A) What is the maximum velocity to which the pilot is subjected if the frequency is set at 20.9 Hz and the amplitude at 1.94 mm?
B) What is the maximum acceleration to which the pilot is subjected if the frequency is set at 20.9 Hz and the amplitude at 1.94 mm?
x=Asinwt
v=Aw*coswt
a=Aw^2sinwt
a) v=A*2PI*f recommend change Amplitude to m.
b) a=A*(2PIf)^2
To solve these questions, we need to understand the relationship between frequency, amplitude, velocity, and acceleration in simple harmonic motion.

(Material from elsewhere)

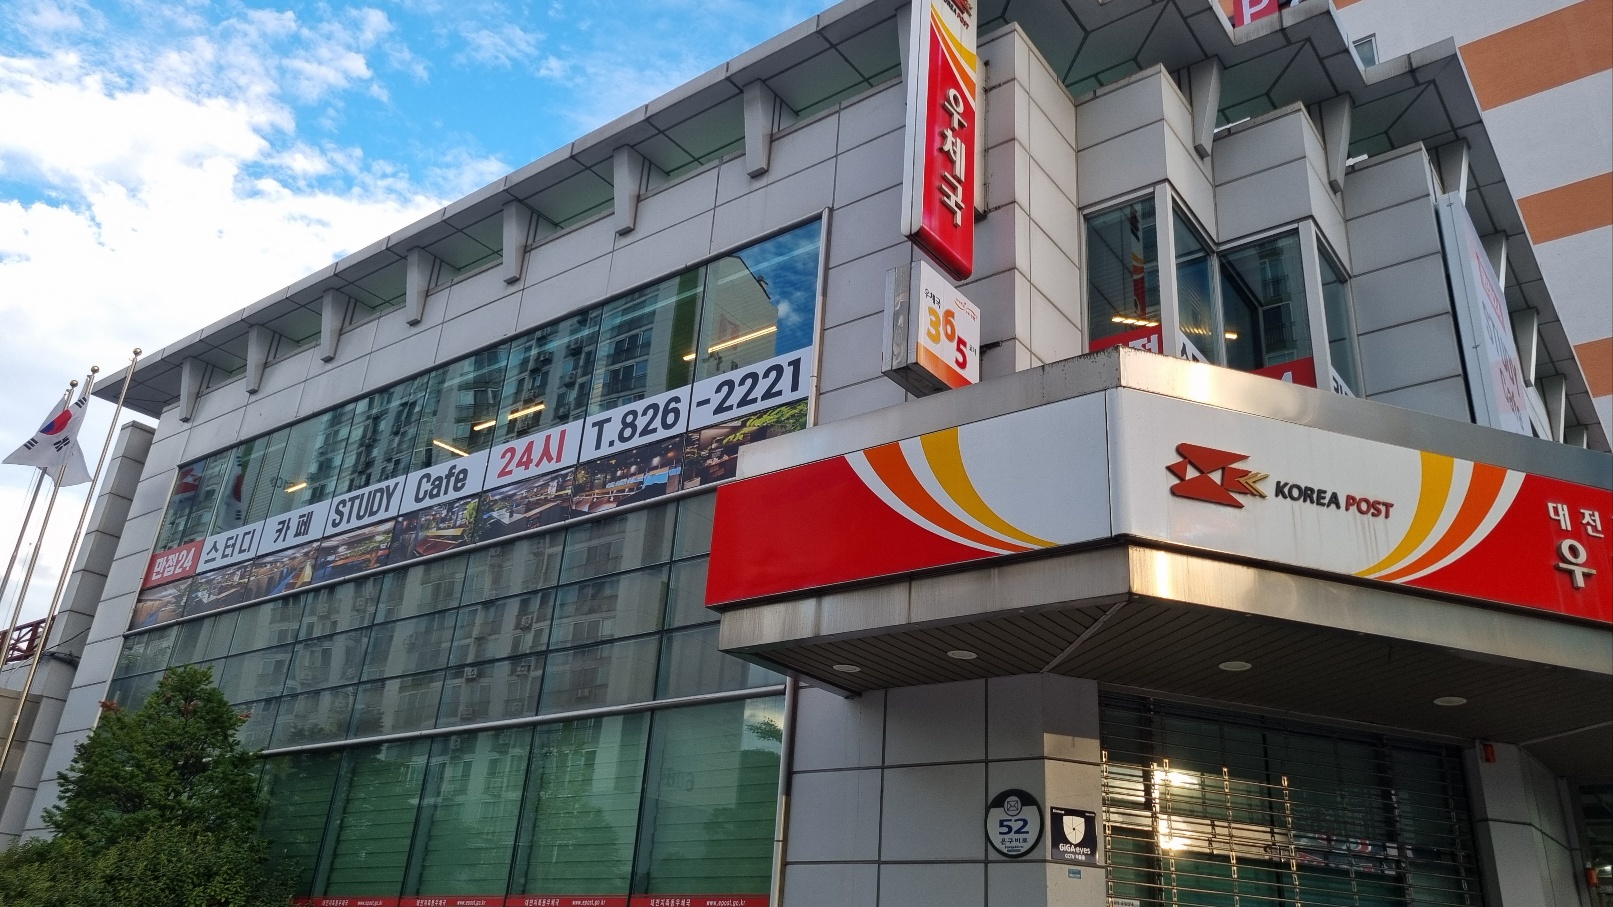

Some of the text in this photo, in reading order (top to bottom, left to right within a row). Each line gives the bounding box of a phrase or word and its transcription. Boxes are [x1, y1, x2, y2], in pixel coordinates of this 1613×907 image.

In simple harmonic motion, the displacement of an object is described by an equation of the form:
x(t) = A * sin(2πft)
Where:
- x(t) is the displacement at time t,
- A is the amplitude of the motion,
- f is the frequency of the motion in Hz,
- π is a constant equal to approximately 3.14159.
The velocity of the object is given by the derivative of the displacement equation:
v(t) = A * (2πf) * cos(2πft)
And the acceleration is given by the second derivative:
a(t) = -A * (2πf)^2 * sin(2πft)
Let's now solve the questions.
A) What is the maximum velocity to which the pilot is subjected if the frequency is set at 20.9 Hz and the amplitude at 1.94 mm?

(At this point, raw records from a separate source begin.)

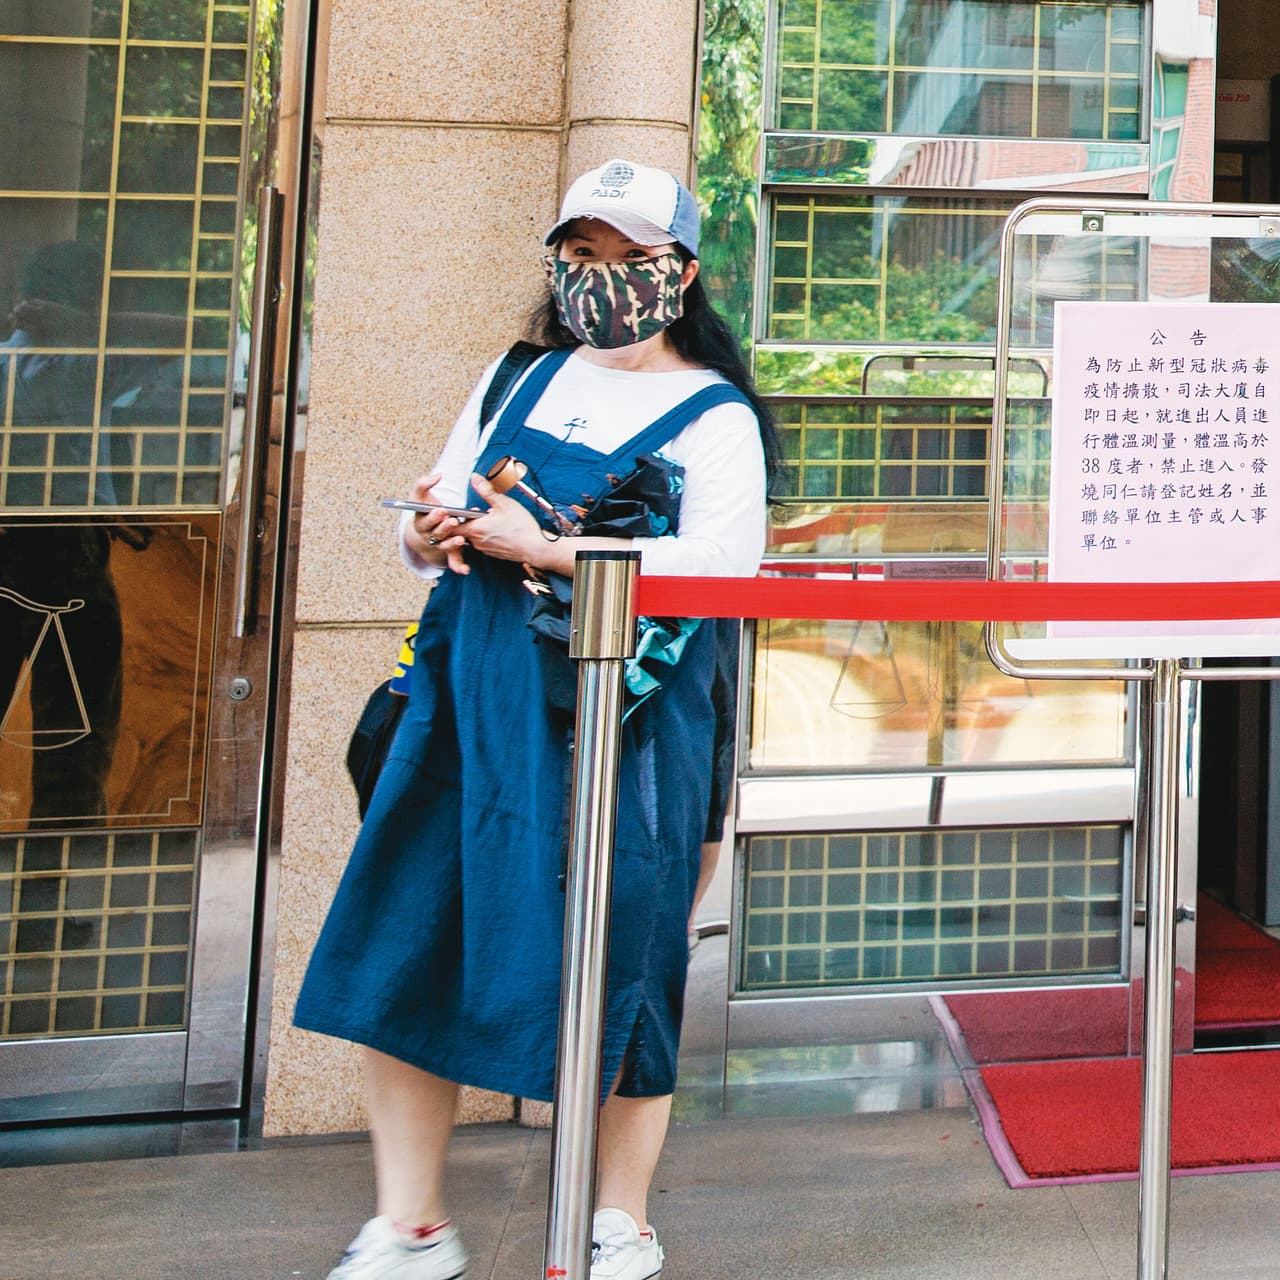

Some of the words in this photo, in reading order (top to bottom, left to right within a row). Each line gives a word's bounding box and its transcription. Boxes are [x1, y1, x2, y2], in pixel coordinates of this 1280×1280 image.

[590, 188, 626, 199] PADI
[1149, 329, 1208, 346] 公告
[1084, 356, 1270, 374] 為防止新型冠狀病毒
[1083, 382, 1266, 400] 疫情擴散，司法大廈自
[1083, 407, 1270, 424] 即日起，就進出人員進
[1082, 432, 1269, 450] 行體溫測量，體溫高於
[1080, 482, 1268, 501] 燒同仁請登記姓名，並
[1080, 506, 1268, 526] 聯絡單位主管或人事
[1080, 533, 1131, 552] 單位。
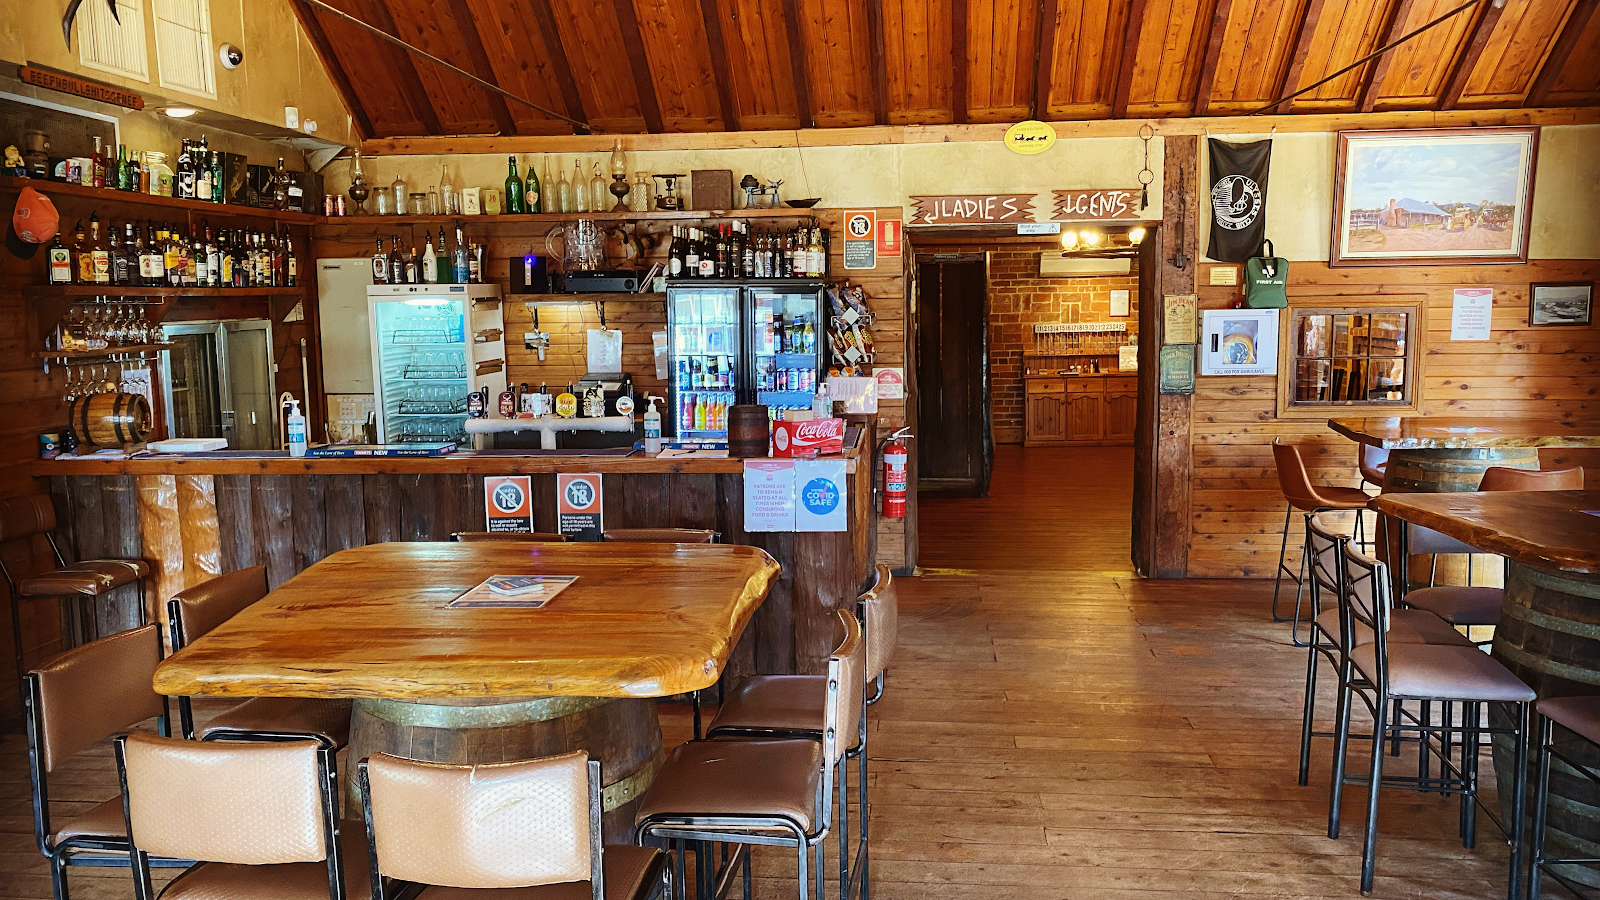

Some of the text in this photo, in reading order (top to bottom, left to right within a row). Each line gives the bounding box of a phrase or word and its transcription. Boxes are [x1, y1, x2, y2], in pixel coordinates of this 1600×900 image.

[942, 197, 1017, 220] LADIES
[1076, 191, 1130, 217] GENTS
[796, 420, 839, 440] Coca-Cola
[500, 493, 516, 508] 18
[572, 490, 587, 504] 18

To find the maximum velocity, we need to know the amplitude, which is given as 1.94 mm. We need to convert this to meters by dividing by 1000:
Amplitude (A) = 1.94 mm / 1000 = 0.00194 m
Using the velocity equation, we can now calculate the maximum velocity:
v(max) = A * (2πf)
v(max) = 0.00194 m * (2π * 20.9 Hz)
v(max) ≈ 0.00194 m * 2 * 3.14159 * 20.9 Hz
v(max) ≈ 0.257 m/s
Therefore, the maximum velocity to which the pilot is subjected is approximately 0.257 m/s.
B) What is the maximum acceleration to which the pilot is subjected if the frequency is set at 20.9 Hz and the amplitude at 1.94 mm?
Using the acceleration equation:
a(max) = -A * (2πf)^2
a(max) = -0.00194 m * (2π * 20.9 Hz)^2
a(max) ≈ -0.00194 m * (2 * 3.14159 * 20.9 Hz)^2
a(max) ≈ -0.00194 m * (2 * 3.14159 * 20.9 Hz)^2
a(max) ≈ -0.00194 m * 544.366 Hz^2
a(max) ≈ -1.066 m/s^2
Therefore, the maximum acceleration to which the pilot is subjected is approximately -1.066 m/s^2. Note that the negative sign indicates that the acceleration is in the opposite direction to the displacement.